[Supplied data Boundary: Start]
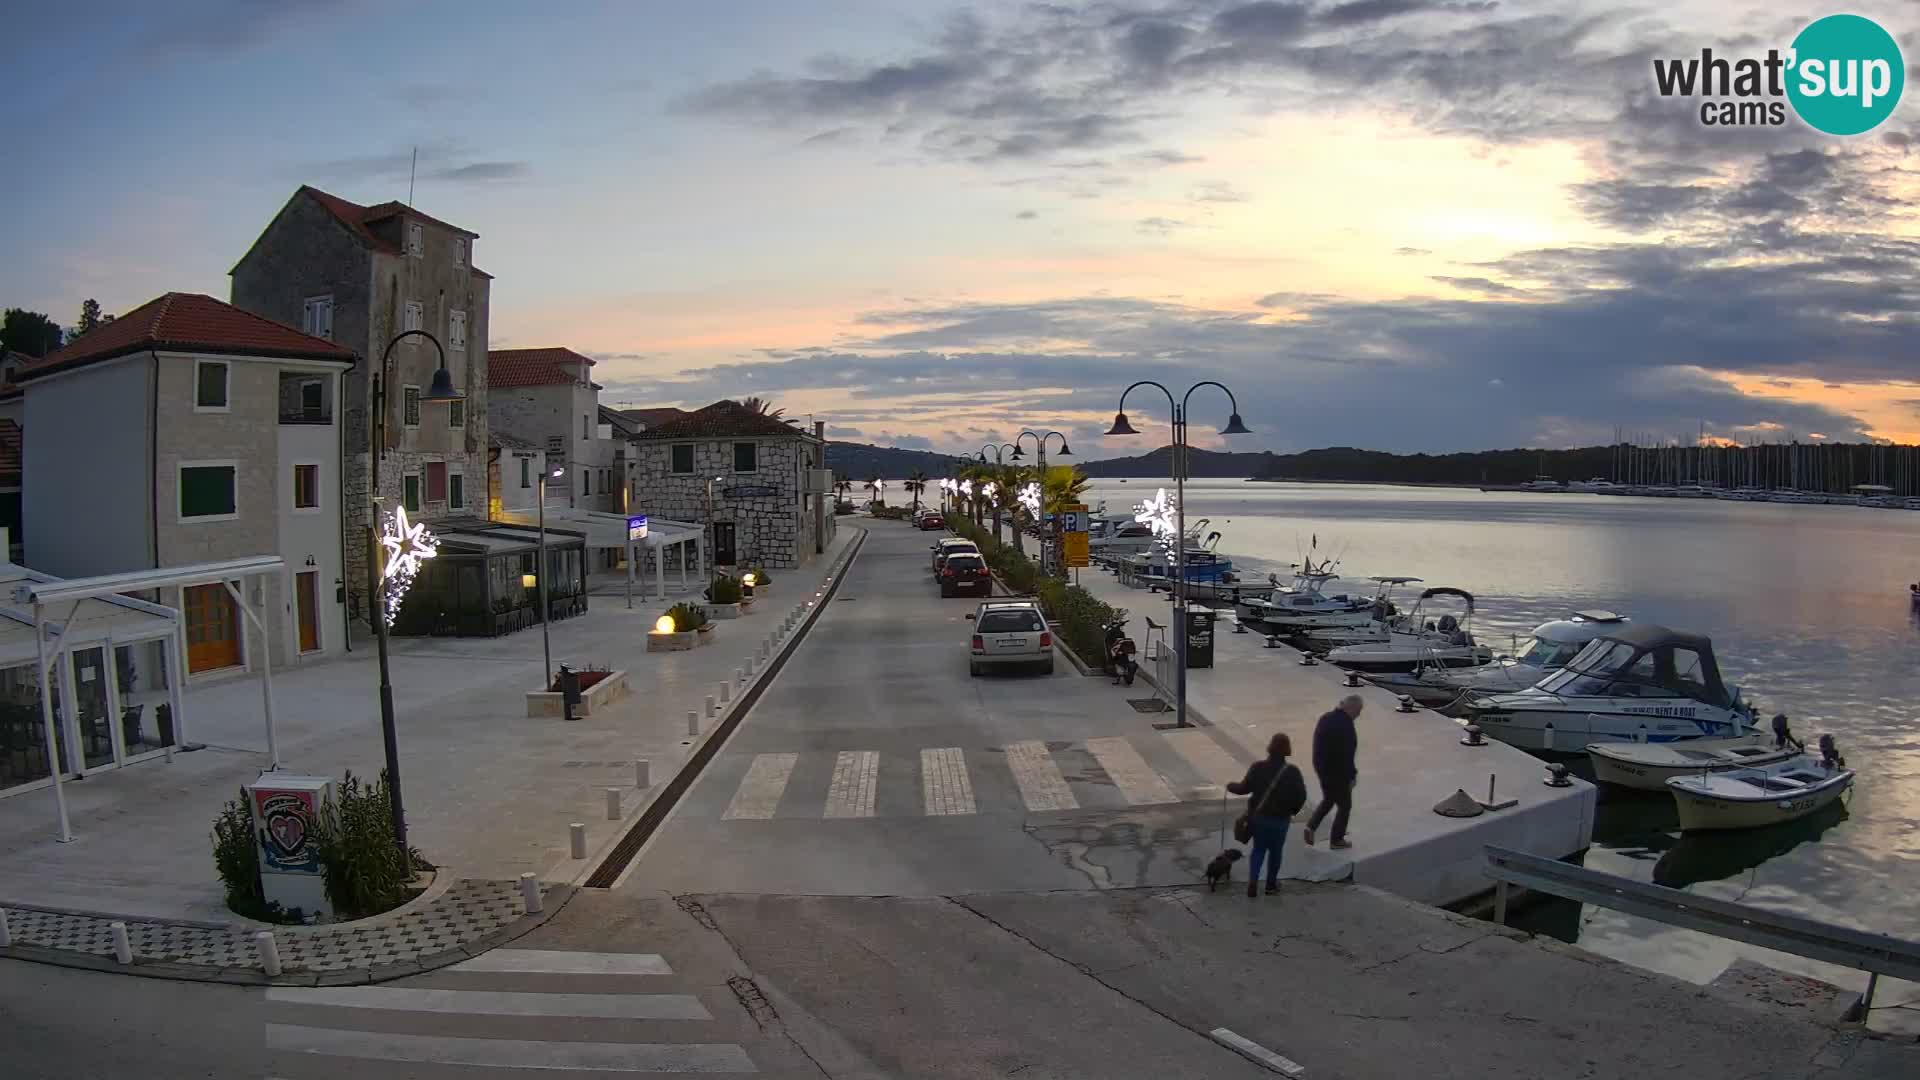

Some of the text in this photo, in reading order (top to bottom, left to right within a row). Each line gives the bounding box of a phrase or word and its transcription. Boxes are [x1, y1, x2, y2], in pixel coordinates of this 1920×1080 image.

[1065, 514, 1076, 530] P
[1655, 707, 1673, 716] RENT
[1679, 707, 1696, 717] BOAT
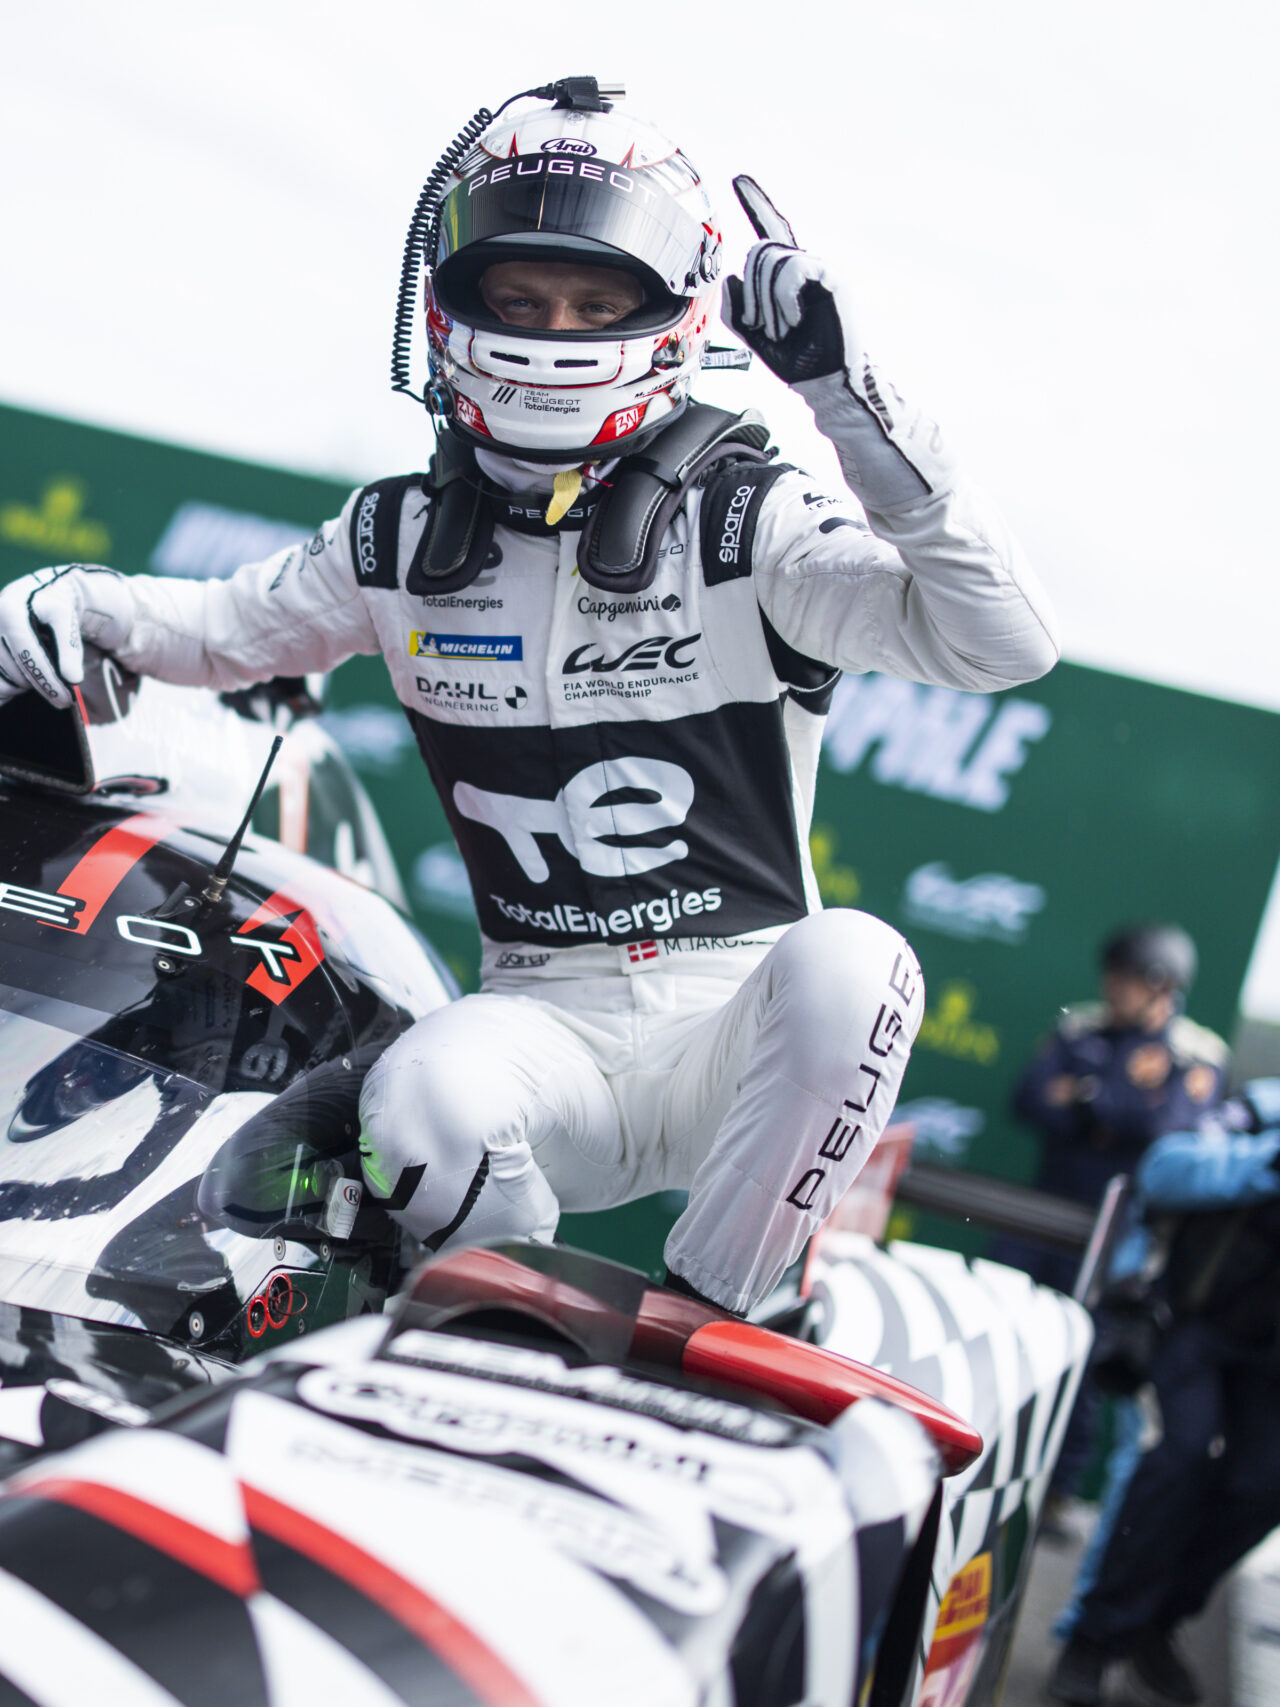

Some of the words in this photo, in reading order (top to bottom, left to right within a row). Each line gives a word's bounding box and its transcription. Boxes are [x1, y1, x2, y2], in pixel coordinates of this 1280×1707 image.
[Supplied data Boundary: End]
Try it: The full set of entries should be transcribed exactly, pictures left aside.

Written solution:
Some of the text in this photo, in reading order (top to bottom, left to right within a row). Each line gives the bounding box of a phrase or word and its transcription. Boxes are [x1, y1, x2, y2], in pixel coordinates of this 1920×1080 image.

[1065, 514, 1076, 530] P
[1655, 707, 1673, 716] RENT
[1679, 707, 1696, 717] BOAT

Some of the words in this photo, in reading order (top to bottom, left to right within a row). Each line gives a word's bounding box and its transcription. Boxes are [x1, y1, x2, y2], in pixel coordinates of this 1280×1707 image.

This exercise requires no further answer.